Pendant longtemps j’ai cru qu’écrire était un travail. Maintenant je suis convaincue qu’il s’agit d’un événement intérieur, d’un « non-travail » que l’on atteint avant tout en faisant le vide en soi, et en laissant filtrer ce qui en nous est déjà évident. Je ne parlerais pas tant d’économie, de forme ou de composition de la prose que de rapports de forces opposées qui doivent être identifiées, classées, endiguées par le langage. Comme une partition musicale.
J’ai un rapport compliqué à Duras. Je n’aime pas tant que ça ses romans, et certains me résistent obstinément. Mais quand elle parle d’elle, de l’amour et de l’écriture, qui chez elle comme chez moi sont indissociables, elle me bouleverse absolument.

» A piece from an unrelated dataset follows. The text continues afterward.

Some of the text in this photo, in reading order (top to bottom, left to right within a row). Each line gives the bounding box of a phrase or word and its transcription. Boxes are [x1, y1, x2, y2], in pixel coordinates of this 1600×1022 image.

Aussi, cela faisait un moment que j’avais repéré ce recueils d’entretiens, à la genèse assez originale : paru en Italie en 1989, il n’avait jamais été traduit (retraduit ?) en français, et on ne connaissait même pas son existence, jusqu’en 2013 (je vous passe toute l’histoire).

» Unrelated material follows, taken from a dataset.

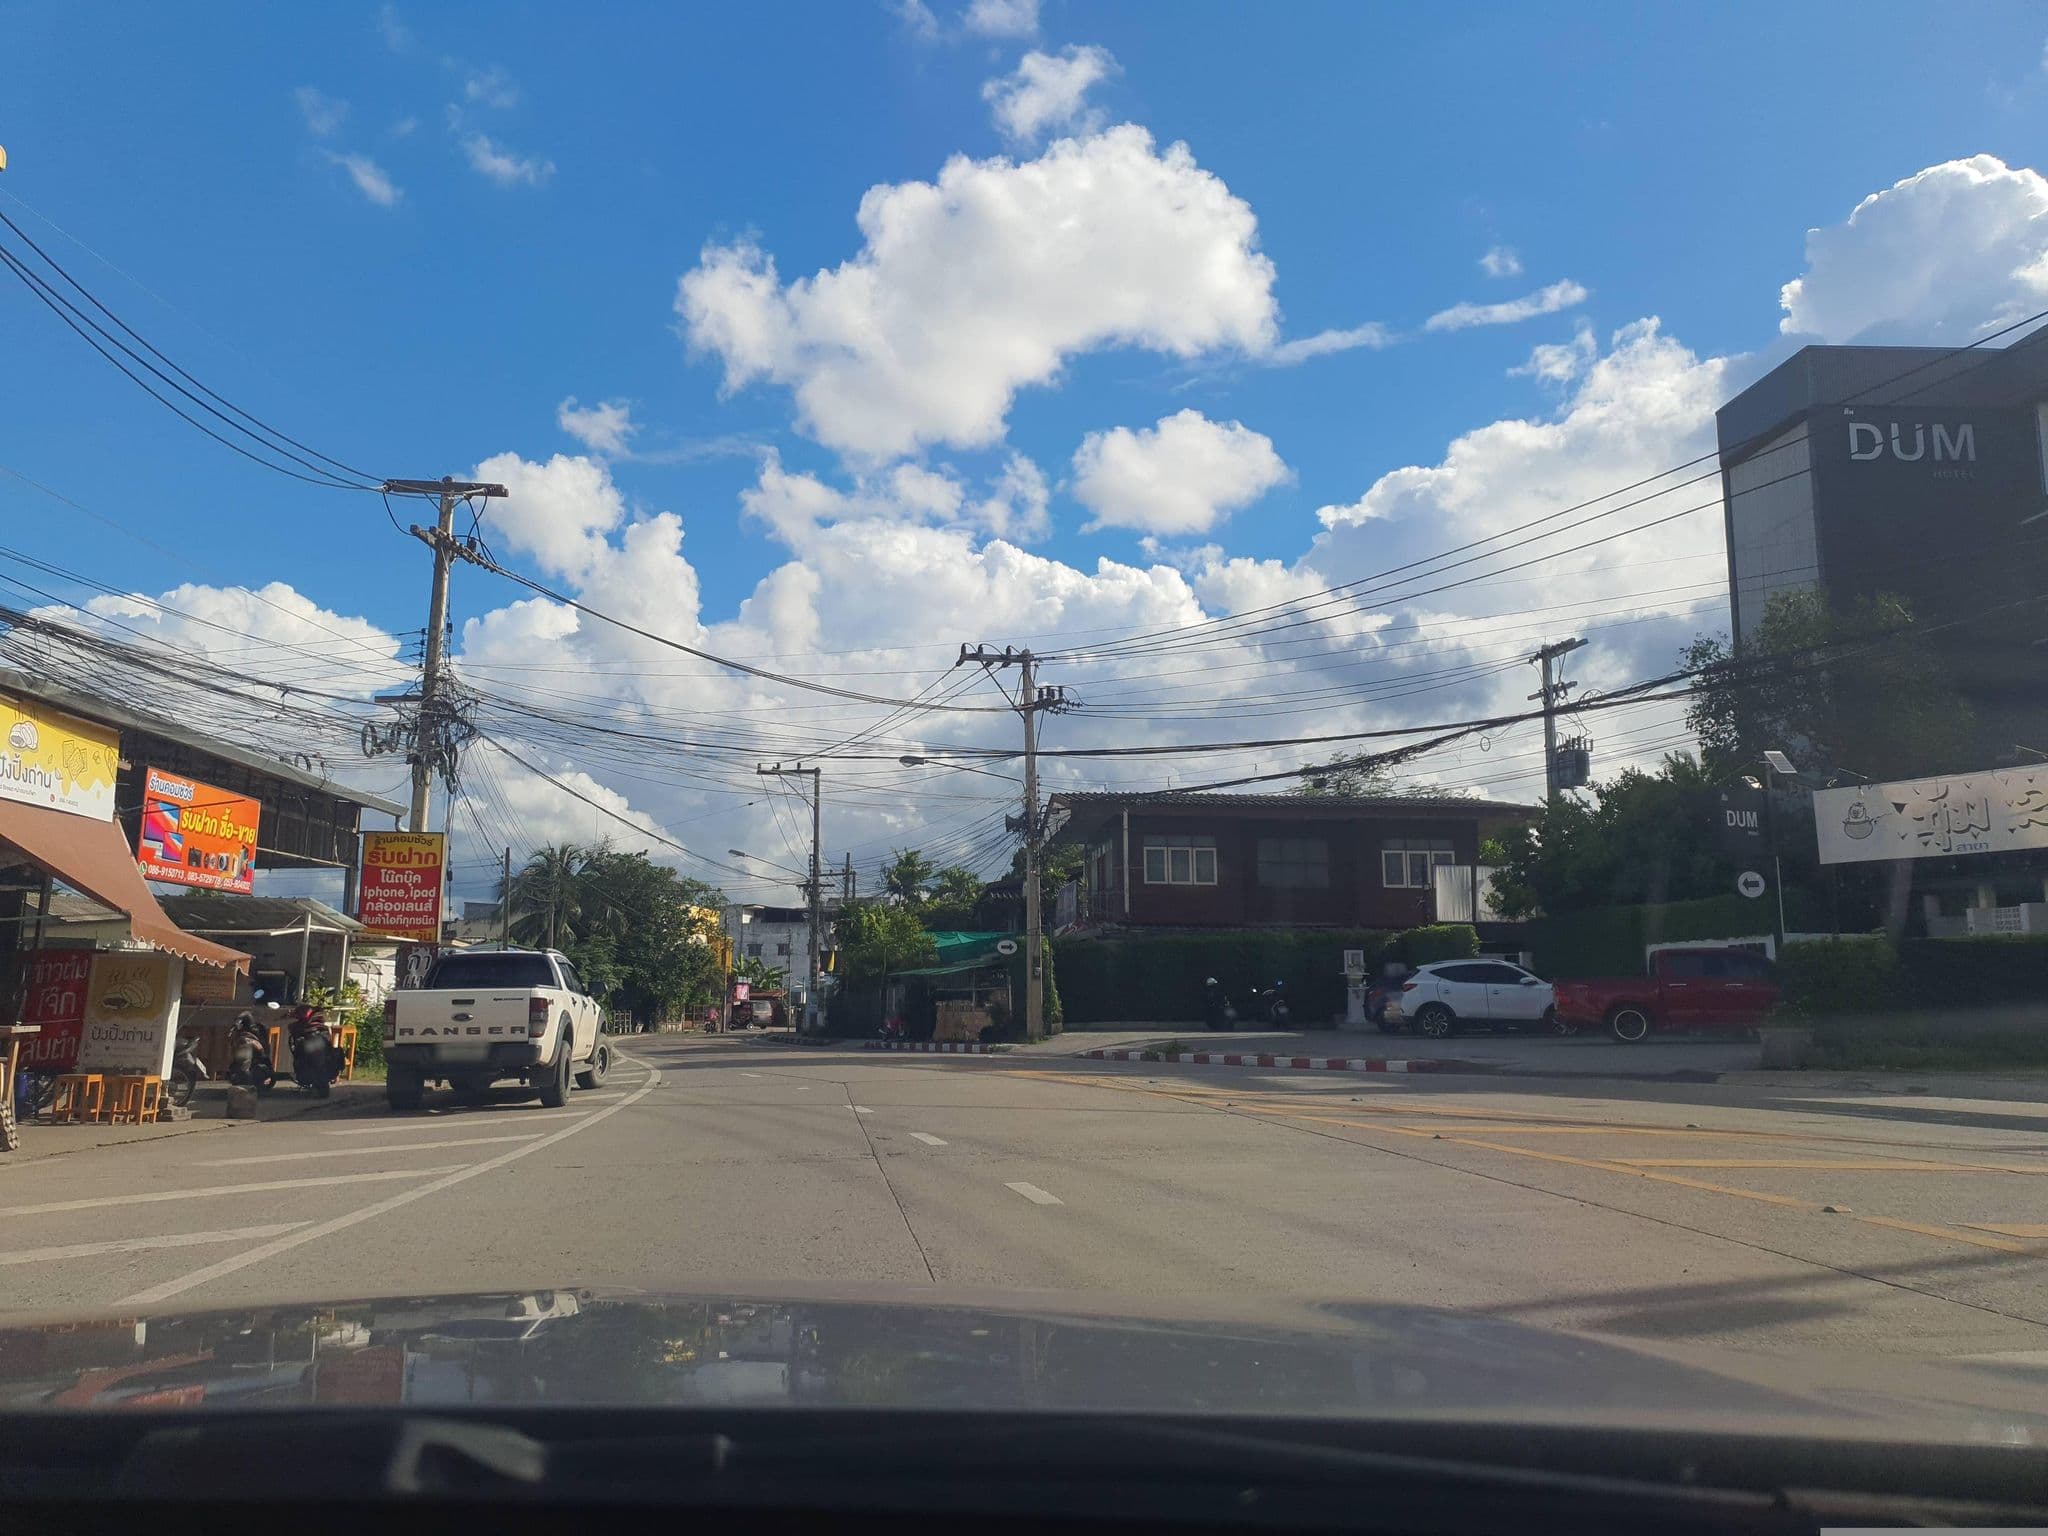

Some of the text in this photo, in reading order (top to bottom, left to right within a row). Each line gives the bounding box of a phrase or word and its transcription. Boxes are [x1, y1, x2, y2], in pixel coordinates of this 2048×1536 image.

[1848, 422, 1976, 461] DUM
[1726, 810, 1758, 828] DUM
[367, 845, 438, 865] รับฝาก
[399, 1026, 526, 1036] RANGER

Nous avons donc ici une série d’entretiens entre Marguerite Duras et la journaliste italienne Leopoldina Pallotta della Torre, organisée de manière très ferme : l’enfance, les années parisiennes, le parcours de l’écriture, l’analyse du texte, la littérature, la critique, la galerie des personnages, le cinéma, le théâtre, la passion, la femme, les lieux.
Je ne sais pas si le fait que la journaliste soit italienne joue beaucoup, mais le fait est que dans ce volume Duras se livre de manière bouleversante et sincère. Encore un texte que j’ai surligné et annoté de partout, tant ce qu’elle dit sur l’écriture comme impératif (elle se demande même comment font les gens pour ne pas écrire, et je me posais la même l’autre jour), sur la littérature et l’amour comme forces vives qui changent les choses, sur le désir et comment l’écrire, sur le fait d’être femme, aussi. Et cette phrase, sur laquelle je vous laisse méditer : la pire chose qui puisse arriver dans la vie est de ne pas aimer.
Bref : indispensable.
La Passion suspendue
Marguerite DURAS
Entretiens avec Leopoldina Pallotta della Torre
Traduit de l’italien par René de Ceccatty
Seuil, 2013 (Points, 2016)
Je le note avec enthousiasme. J’ai commencé hier « Le métier d’écrivain » de H. Hesse que je trouve passionnant. Merci de l’avoir recommandé !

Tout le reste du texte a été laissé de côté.